* _Work item_: Omitting all images, output the entries that follow exactly as written.

Free-text object descriptions:

▬▬▬

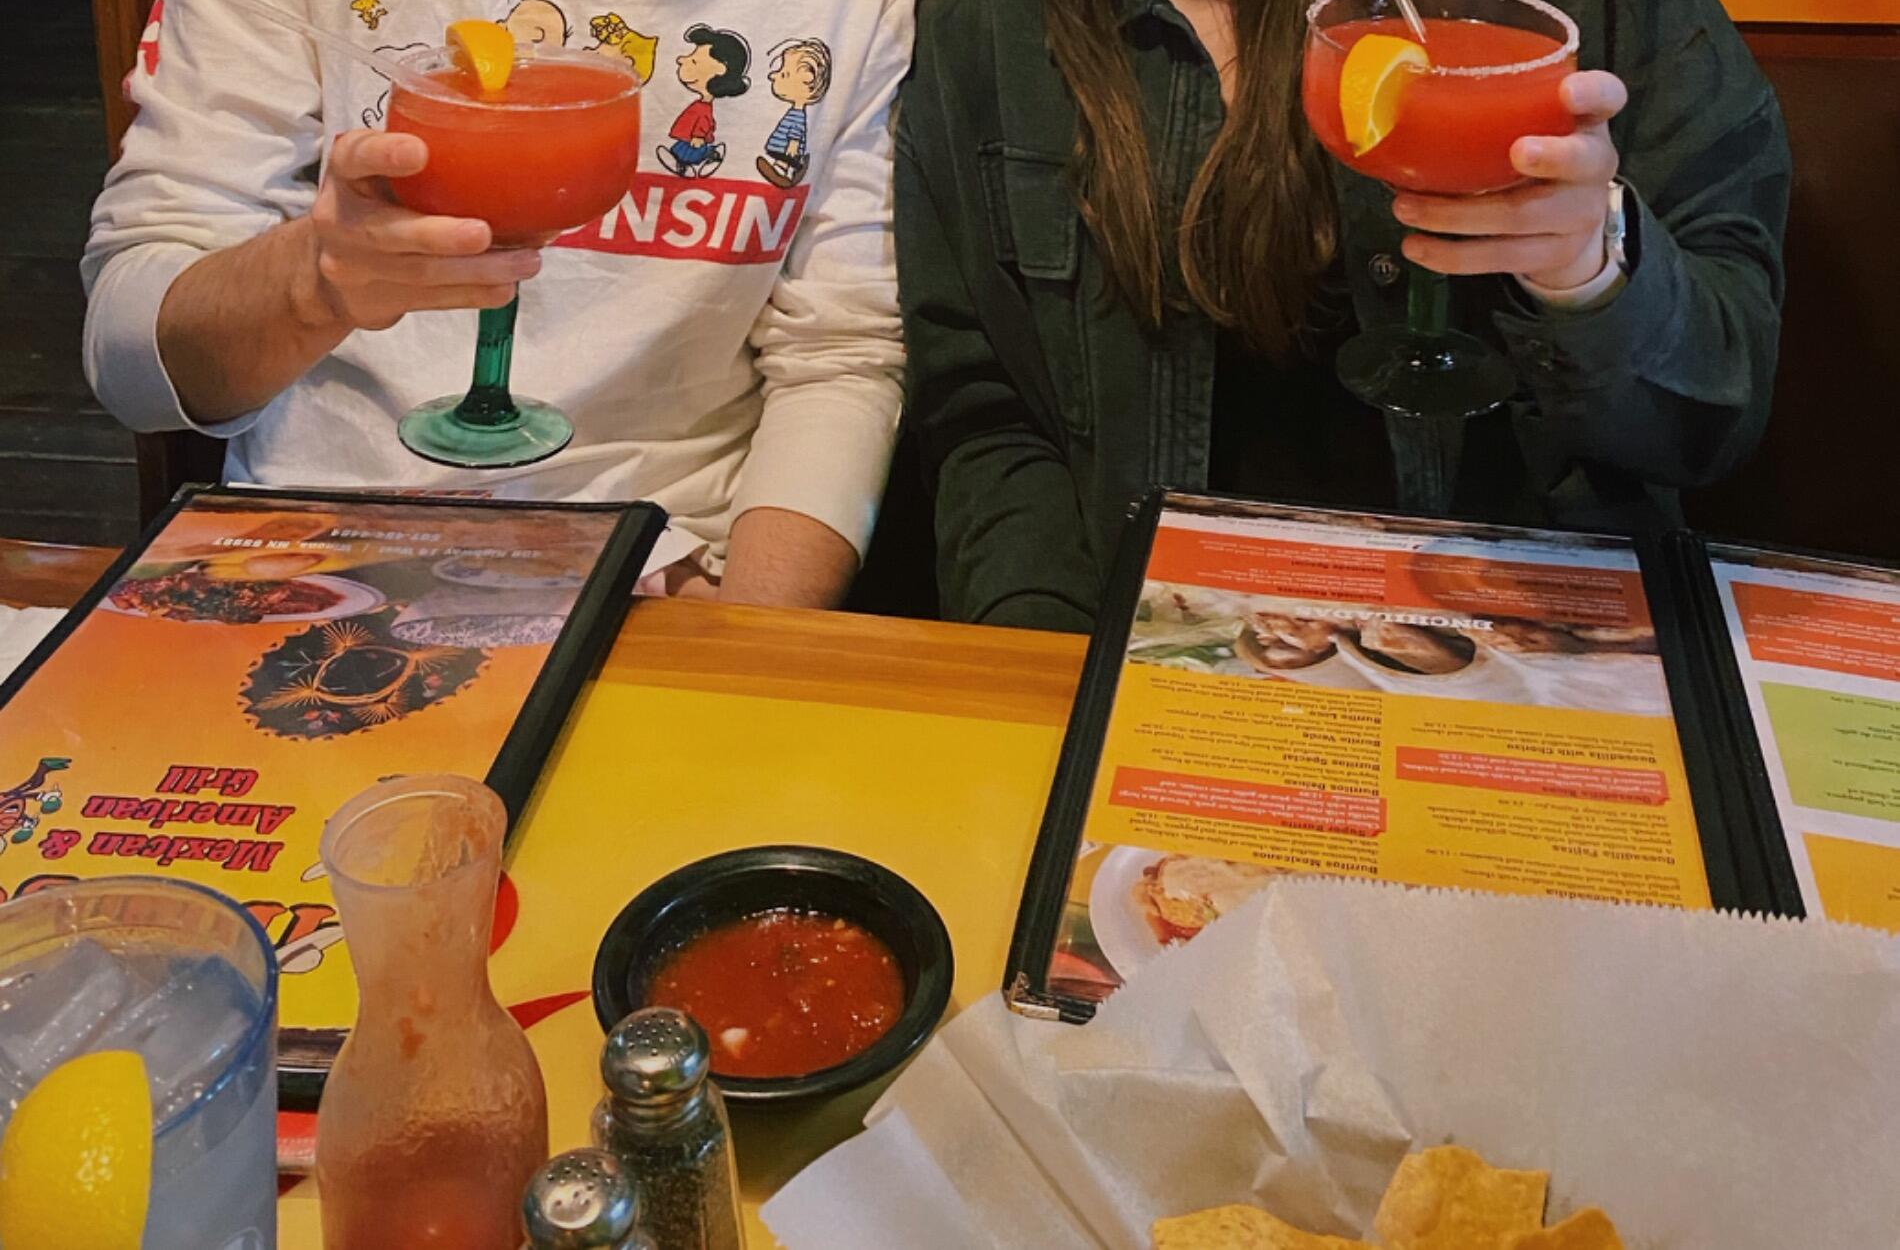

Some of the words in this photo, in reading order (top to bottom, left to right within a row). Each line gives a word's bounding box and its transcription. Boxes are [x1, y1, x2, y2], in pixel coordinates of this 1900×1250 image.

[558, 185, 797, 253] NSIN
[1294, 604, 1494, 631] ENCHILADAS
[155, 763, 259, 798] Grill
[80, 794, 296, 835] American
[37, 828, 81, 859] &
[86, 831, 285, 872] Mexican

▬▬▬

* _Answer space_:
Some of the words in this photo, in reading order (top to bottom, left to right within a row). Each line gives a word's bounding box and its transcription. Boxes are [x1, y1, x2, y2], in pixel coordinates of this 1900×1250 image.

[558, 185, 797, 253] NSIN
[1294, 604, 1494, 631] ENCHILADAS
[155, 763, 259, 798] Grill
[80, 794, 296, 835] American
[37, 828, 81, 859] &
[86, 831, 285, 872] Mexican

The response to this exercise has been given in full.